Collected data entries
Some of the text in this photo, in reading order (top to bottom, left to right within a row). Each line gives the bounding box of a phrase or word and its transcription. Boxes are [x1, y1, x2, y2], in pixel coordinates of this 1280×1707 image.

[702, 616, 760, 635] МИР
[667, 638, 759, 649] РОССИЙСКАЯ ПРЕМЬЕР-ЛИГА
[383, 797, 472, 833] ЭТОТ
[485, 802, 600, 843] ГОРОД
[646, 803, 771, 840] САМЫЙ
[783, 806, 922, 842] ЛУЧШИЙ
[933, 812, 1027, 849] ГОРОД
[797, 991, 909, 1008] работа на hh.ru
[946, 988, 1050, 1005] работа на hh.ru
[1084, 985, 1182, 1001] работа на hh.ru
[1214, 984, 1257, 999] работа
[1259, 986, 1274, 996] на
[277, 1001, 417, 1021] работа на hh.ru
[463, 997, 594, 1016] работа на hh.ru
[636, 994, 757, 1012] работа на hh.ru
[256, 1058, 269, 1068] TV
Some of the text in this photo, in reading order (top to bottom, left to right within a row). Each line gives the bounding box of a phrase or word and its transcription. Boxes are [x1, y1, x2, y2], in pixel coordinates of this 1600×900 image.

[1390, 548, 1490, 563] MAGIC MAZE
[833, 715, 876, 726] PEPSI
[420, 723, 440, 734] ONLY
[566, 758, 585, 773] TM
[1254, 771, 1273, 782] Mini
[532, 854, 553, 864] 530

■ Your objective ■
The entries above must be transcribed word for word.

■ Solution to the exercise ■
Some of the text in this photo, in reading order (top to bottom, left to right within a row). Each line gives the bounding box of a phrase or word and its transcription. Boxes are [x1, y1, x2, y2], in pixel coordinates of this 1280×1707 image.

[702, 616, 760, 635] МИР
[667, 638, 759, 649] РОССИЙСКАЯ ПРЕМЬЕР-ЛИГА
[383, 797, 472, 833] ЭТОТ
[485, 802, 600, 843] ГОРОД
[646, 803, 771, 840] САМЫЙ
[783, 806, 922, 842] ЛУЧШИЙ
[933, 812, 1027, 849] ГОРОД
[797, 991, 909, 1008] работа на hh.ru
[946, 988, 1050, 1005] работа на hh.ru
[1084, 985, 1182, 1001] работа на hh.ru
[1214, 984, 1257, 999] работа
[1259, 986, 1274, 996] на
[277, 1001, 417, 1021] работа на hh.ru
[463, 997, 594, 1016] работа на hh.ru
[636, 994, 757, 1012] работа на hh.ru
[256, 1058, 269, 1068] TV
Some of the text in this photo, in reading order (top to bottom, left to right within a row). Each line gives the bounding box of a phrase or word and its transcription. Boxes are [x1, y1, x2, y2], in pixel coordinates of this 1600×900 image.

[1390, 548, 1490, 563] MAGIC MAZE
[833, 715, 876, 726] PEPSI
[420, 723, 440, 734] ONLY
[566, 758, 585, 773] TM
[1254, 771, 1273, 782] Mini
[532, 854, 553, 864] 530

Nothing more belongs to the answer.